What happens when we turn the camera on ourselves? This question has long plagued documentary filmmakers concerned with issues of reflexivity, subject participation, and self-consciousness. Documenting Ourselves includes interviews with filmmakers Les Blank, Pat Ferrero, Jorge Preloran, Bill Ferris, and others, who discuss the ways their own productions and subjects have influenced them. Sharon Sherman examines the history of documentary films and discusses current theiroeis and techniques of folklore and fieldwork.

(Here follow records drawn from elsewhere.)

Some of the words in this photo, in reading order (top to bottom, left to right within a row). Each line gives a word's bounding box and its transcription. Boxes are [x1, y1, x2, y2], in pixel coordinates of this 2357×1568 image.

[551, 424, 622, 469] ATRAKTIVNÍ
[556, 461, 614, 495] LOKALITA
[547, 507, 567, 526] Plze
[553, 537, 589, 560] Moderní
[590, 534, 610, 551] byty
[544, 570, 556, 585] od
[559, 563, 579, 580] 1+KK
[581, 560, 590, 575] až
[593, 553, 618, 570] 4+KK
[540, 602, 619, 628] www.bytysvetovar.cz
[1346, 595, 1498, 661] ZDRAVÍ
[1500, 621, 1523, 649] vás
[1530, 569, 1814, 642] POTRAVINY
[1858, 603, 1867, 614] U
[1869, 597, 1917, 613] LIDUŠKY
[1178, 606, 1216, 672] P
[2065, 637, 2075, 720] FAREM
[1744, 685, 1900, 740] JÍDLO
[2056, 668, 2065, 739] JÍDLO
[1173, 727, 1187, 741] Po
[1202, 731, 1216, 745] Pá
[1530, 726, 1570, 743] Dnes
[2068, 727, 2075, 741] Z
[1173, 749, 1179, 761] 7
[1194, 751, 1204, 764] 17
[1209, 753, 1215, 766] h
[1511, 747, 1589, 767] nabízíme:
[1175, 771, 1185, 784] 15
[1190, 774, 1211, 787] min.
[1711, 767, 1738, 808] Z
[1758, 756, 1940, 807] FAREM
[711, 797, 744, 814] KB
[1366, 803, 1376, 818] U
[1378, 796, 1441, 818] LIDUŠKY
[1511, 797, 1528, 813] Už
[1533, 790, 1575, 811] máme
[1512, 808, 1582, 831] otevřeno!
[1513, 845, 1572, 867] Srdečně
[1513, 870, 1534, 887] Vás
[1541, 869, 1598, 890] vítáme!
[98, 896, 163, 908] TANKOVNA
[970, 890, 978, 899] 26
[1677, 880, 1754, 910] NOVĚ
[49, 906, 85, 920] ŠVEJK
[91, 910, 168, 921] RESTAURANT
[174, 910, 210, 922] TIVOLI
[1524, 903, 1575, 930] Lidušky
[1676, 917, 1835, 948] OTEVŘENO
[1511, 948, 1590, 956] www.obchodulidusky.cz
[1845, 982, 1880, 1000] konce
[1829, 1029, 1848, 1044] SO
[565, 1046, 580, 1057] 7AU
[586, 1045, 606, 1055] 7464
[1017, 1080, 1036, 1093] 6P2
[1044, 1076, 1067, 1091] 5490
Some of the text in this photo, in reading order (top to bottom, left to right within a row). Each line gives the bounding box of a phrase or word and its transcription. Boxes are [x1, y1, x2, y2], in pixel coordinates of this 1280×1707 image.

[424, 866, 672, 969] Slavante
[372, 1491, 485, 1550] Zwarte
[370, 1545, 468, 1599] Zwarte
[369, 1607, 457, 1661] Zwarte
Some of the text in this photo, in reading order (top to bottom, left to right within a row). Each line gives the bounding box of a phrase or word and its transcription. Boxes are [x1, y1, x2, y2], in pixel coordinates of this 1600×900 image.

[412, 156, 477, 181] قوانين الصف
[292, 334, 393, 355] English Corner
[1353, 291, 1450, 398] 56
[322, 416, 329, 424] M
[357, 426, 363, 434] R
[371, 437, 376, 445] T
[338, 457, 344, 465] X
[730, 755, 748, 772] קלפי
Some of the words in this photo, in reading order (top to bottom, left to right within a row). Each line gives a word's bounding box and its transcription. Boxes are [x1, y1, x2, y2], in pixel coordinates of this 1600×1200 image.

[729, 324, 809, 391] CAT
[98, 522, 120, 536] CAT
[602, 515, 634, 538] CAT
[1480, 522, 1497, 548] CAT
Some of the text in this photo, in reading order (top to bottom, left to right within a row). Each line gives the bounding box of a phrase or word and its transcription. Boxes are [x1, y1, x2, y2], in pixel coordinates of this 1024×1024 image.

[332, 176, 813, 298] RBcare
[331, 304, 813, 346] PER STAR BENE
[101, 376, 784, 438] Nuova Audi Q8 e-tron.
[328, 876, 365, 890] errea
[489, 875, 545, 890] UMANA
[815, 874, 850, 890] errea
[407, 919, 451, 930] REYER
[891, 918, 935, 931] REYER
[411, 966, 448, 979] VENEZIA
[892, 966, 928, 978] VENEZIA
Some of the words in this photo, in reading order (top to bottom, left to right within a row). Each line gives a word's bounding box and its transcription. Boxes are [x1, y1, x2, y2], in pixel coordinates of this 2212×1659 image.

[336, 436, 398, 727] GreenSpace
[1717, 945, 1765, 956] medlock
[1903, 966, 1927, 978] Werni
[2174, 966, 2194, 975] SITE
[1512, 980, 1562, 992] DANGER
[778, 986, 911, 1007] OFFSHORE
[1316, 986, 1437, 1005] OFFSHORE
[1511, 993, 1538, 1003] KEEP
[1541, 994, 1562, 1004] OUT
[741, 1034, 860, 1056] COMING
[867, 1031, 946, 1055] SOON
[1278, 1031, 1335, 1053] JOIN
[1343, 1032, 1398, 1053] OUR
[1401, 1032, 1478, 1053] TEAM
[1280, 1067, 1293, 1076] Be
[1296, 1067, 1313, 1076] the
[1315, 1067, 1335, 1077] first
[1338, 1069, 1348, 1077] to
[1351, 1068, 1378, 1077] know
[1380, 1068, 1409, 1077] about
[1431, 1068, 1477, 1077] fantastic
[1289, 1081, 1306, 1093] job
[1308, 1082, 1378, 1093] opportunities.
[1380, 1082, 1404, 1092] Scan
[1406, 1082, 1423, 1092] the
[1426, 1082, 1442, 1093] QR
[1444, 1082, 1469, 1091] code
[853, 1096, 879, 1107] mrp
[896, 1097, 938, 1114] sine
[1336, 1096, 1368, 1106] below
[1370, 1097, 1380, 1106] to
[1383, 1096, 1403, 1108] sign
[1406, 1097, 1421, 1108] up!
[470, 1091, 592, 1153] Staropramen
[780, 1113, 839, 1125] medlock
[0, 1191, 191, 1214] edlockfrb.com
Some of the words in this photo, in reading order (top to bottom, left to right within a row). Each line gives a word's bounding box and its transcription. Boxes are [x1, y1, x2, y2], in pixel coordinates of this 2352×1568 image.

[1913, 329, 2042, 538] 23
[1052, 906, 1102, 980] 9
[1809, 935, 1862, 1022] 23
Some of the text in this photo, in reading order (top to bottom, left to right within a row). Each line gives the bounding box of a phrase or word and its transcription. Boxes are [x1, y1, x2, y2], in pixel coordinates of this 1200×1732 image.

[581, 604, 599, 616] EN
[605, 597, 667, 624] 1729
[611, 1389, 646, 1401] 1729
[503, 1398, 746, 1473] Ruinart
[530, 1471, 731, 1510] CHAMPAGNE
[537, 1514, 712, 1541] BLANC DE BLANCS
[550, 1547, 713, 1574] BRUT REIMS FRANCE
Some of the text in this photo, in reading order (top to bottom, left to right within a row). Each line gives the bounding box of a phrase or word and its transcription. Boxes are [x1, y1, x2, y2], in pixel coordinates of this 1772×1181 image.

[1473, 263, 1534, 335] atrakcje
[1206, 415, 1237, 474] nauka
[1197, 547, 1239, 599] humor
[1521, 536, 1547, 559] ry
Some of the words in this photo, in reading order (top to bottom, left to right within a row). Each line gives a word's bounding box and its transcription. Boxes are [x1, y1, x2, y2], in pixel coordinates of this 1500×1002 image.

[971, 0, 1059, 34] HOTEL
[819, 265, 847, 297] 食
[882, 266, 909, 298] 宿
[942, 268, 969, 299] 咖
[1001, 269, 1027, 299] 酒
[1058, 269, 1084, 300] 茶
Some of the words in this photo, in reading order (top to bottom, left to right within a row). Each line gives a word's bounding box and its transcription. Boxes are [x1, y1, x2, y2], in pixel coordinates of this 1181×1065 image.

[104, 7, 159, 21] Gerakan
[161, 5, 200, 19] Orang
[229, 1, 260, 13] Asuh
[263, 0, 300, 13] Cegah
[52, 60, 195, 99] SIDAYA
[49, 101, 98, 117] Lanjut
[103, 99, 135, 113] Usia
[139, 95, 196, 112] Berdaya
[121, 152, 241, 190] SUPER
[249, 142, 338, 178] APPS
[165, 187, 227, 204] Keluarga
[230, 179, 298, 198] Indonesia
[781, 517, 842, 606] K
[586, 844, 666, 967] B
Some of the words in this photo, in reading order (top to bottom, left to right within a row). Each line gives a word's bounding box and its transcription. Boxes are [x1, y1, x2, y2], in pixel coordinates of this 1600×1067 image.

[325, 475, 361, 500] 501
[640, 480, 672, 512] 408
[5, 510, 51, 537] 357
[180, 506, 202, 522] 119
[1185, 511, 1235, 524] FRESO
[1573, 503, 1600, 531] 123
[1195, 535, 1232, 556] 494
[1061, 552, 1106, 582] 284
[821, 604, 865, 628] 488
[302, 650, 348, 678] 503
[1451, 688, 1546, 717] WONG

But Sharon Sherman does not limit herself to the problems faced by filmmakers today. She examines the history of documentary films, tracing them from their origins as a means of capturing human motion through the emergence of various film styles. She also discusses current theories and techniques of folklore and fieldwork, concluding that advances in video technology have made the camcorder an essential tool that has the potential to redefine the nature of the documentary itself.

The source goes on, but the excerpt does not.